Jeffrey S. Sutton, President Bush's nominee for a lifetime
position on the U.S. Court of Appeals for the Sixth Circuit,
is one of the country's leading advocates for an extreme and
virulent form of judicial activism that would limit citizen
access to justice and seriously undermine the ability of the
federal government to protect the environment.
In his writings and speeches, Mr. Sutton has advanced a view
that pits the federal government against the states, doing
violence to notions of cooperative federalism that underlie
most environmental, health, and safety legislation. He has
characterized a string of cases challenging the federal government's
authority to regulate as "invariably a battle between
the states and the federal government over legislative prerogative"
and a "zero-sum game-in which one, or the other law making
power must fall." Mr. Sutton's views on states' rights
are not even shared by the vast majority of states. For example,
thirty-six states advocated in favor of the federal Violence
Against Women Act in United States v. Morrison. Only
one state, Alabama, represented by Mr. Sutton, advocated against
federal authority. Likewise, nine northeastern states recently
sued the Bush Administration for not aggressively enforcing
the Clean Air Act. These states clearly do not share Mr. Sutton's
view that federal rules "invariably" and improperly
encroach on state legislative prerogatives.
Mr. Sutton's positions on federal constitutional power and
citizen access to the courts are extreme and go far beyond
the already disturbing 5-to-4 Rehnquist Supreme Court rulings
on these topics. For example:
- Mr. Sutton argued to the U.S. Supreme Court in Solid
Waste Authority of Northern Cook County (SWANCC) v. U.S.
that the federal government did not have authority under
the Constitution's Commerce Clause to prevent destruction
of waters and wetlands that serve as critical habitat for
migratory birds. No less an authority than Justice Oliver
Wendell Holmes writing for a 7-2 majority of the Supreme
Court in 1920 called the protection of migratory birds a
"national interest of very nearly the first magnitude"
and held that "[i]t is not sufficient to rely upon
the States." By contrast, Mr. Sutton called these concerns
"uniquely a matter of local oversight." The
SWANCC Court decided the case on statutory grounds,
declining to decide Mr. Sutton's constitutional argument.
- Mr.

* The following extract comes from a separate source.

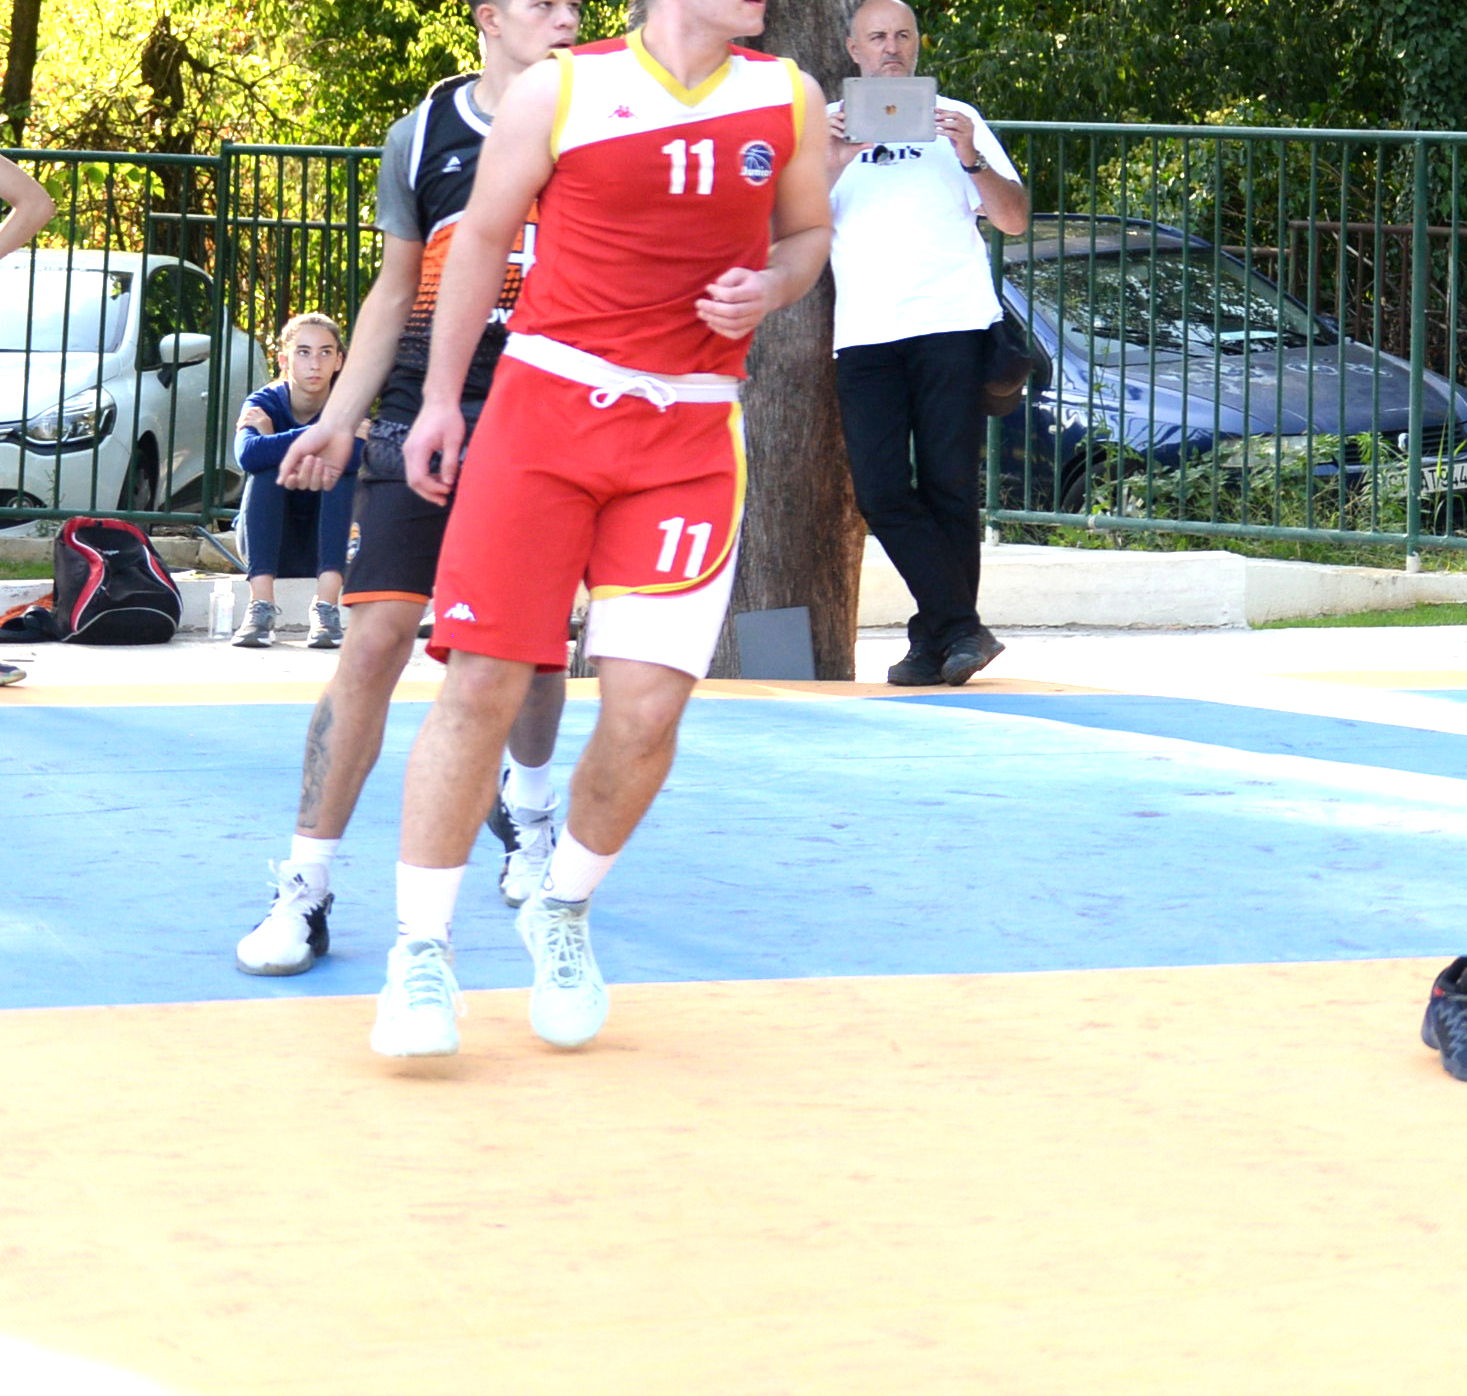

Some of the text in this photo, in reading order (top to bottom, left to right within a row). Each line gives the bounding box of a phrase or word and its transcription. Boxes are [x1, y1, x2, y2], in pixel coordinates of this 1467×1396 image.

[661, 139, 715, 195] 11
[860, 145, 924, 164] LI'S
[656, 516, 713, 578] 11
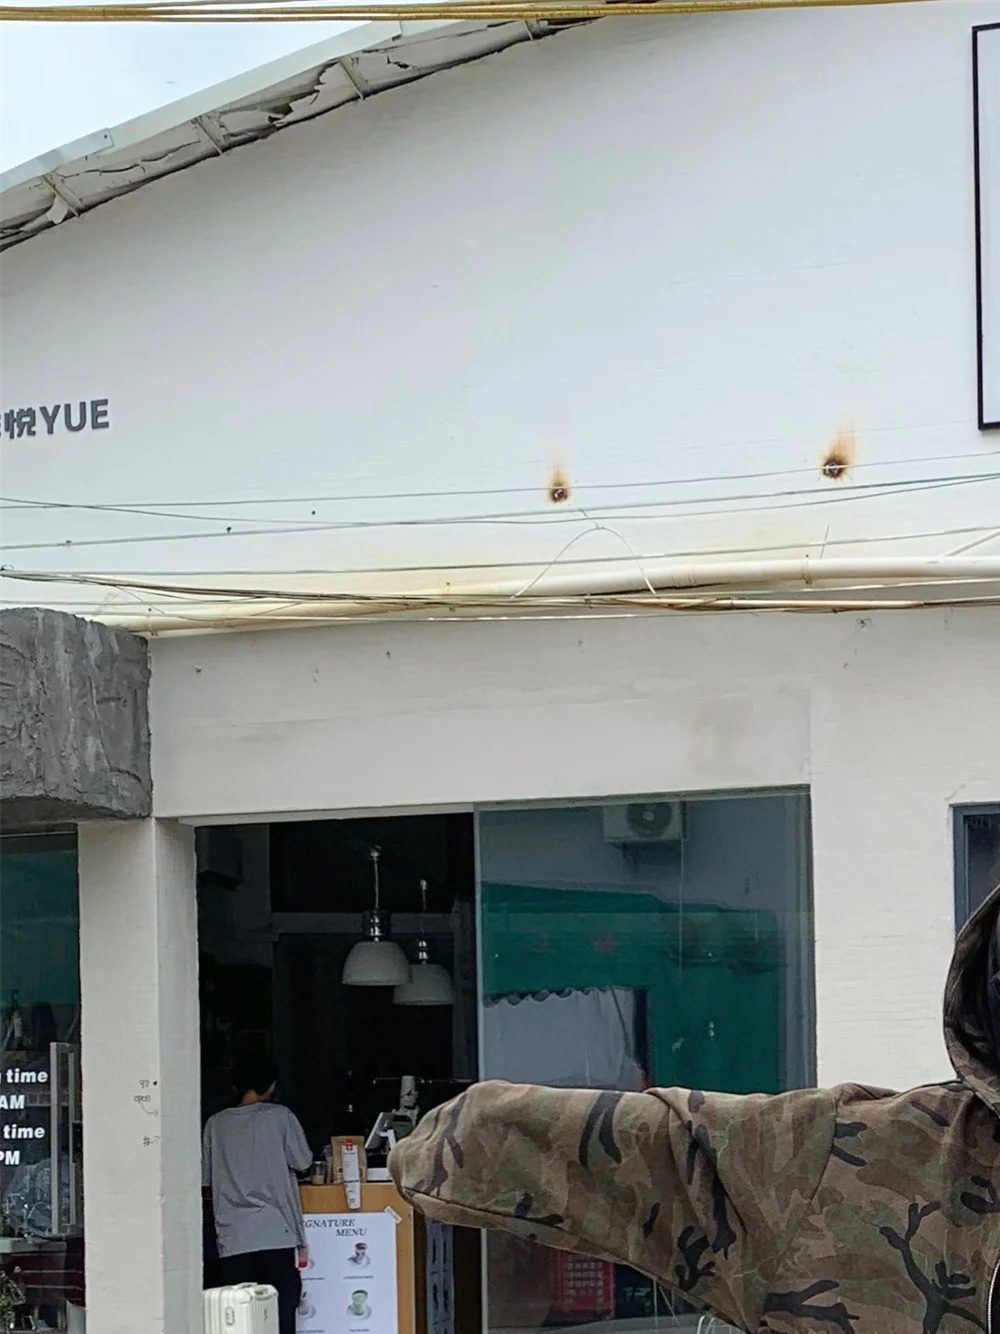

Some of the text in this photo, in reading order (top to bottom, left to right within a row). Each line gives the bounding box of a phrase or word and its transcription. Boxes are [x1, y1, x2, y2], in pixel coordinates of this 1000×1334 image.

Sutton has been a leading advocate for aggressively
limiting private causes of action that permit citizens to
bring civil rights and environmental justice claims to the
courts. In Alexander v. Sandoval, he convinced a
deeply divided Supreme Court that regulations under Title
VI of the Civil Rights Act, which form the primary source
of rights to ensure environmental justice, did not permit
citizens to sue the states directly. Mr. Sutton asked the
Sandoval Court to go much further: his position would have
also prevented vindication of environmental claims under
§ 1983 of the Civil Rights Act, a question specifically
left open by the Sandoval Court.
- Mr. Sutton has also advocated for a dramatic narrowing
of the category of federal rights that can be enforced under
the Court's landmark 1908 ruling in Ex Parte Young.
Effective, enforceable, cooperative federalism in environmental
laws is dependant upon Ex Parte Young, which permits
suits to enjoin state officials from violating federal law
even where the Eleventh Amendment would bar a suit against
the state seeking money damages. In Westside Mothers
v. Haveman, Mr. Sutton took the extreme position that
federal legislation passed under the Constitution's Spending
Clause never creates a federal mandate that can be enforced
under Ex Parte Young.
Another disturbing aspect of the briefs Mr. Sutton filed
in the cases discussed above is his tendency to cavalierly
disregard precedent that is unfavorable to his position and
his willingness to instruct judges to ignore such precedent
in ruling in his favor. For example, in his opening brief
in Westside Mothers, Mr. Sutton ignored a landmark
Supreme Court case on point, Maine v. Thiboutot, and
in a reply brief, admitting his error, advised the district
judge not to "be overly concerned with whether its decision
can be reconciled with the facts-as opposed to the rationale-of
Thiboutot and its progeny." In that same brief, he argued
that Spending Clause legislation creates a federal/state "contract"
despite a 1985 Supreme Court ruling in Bennett v. Kentucky
Dep't of Education to the contrary, which he again failed
to cite. After convincing a district court to adopt his position,
the Sixth Circuit reversed, finding that "binding precedent
has put the issue to rest."
Mr. Sutton's extreme views on federal authority and environmental
access to courts, coupled with his apparent disdain for unfavorable
precedent, strongly suggest that Mr. Sutton's nomination to
the Sixth Circuit poses a threat to the Constitution and enforcement
of our nation's core environmental protections.